■ Data under study ■
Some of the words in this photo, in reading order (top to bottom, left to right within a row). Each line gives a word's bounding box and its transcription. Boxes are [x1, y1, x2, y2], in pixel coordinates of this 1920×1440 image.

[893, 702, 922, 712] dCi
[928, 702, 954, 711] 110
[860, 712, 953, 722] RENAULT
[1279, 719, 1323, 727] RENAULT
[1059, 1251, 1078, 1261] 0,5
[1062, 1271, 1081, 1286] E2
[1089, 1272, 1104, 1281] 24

■ Task statement ■
Without any change, reproduce the listing above in full.

■ Task solution ■
Some of the words in this photo, in reading order (top to bottom, left to right within a row). Each line gives a word's bounding box and its transcription. Boxes are [x1, y1, x2, y2], in pixel coordinates of this 1920×1440 image.

[893, 702, 922, 712] dCi
[928, 702, 954, 711] 110
[860, 712, 953, 722] RENAULT
[1279, 719, 1323, 727] RENAULT
[1059, 1251, 1078, 1261] 0,5
[1062, 1271, 1081, 1286] E2
[1089, 1272, 1104, 1281] 24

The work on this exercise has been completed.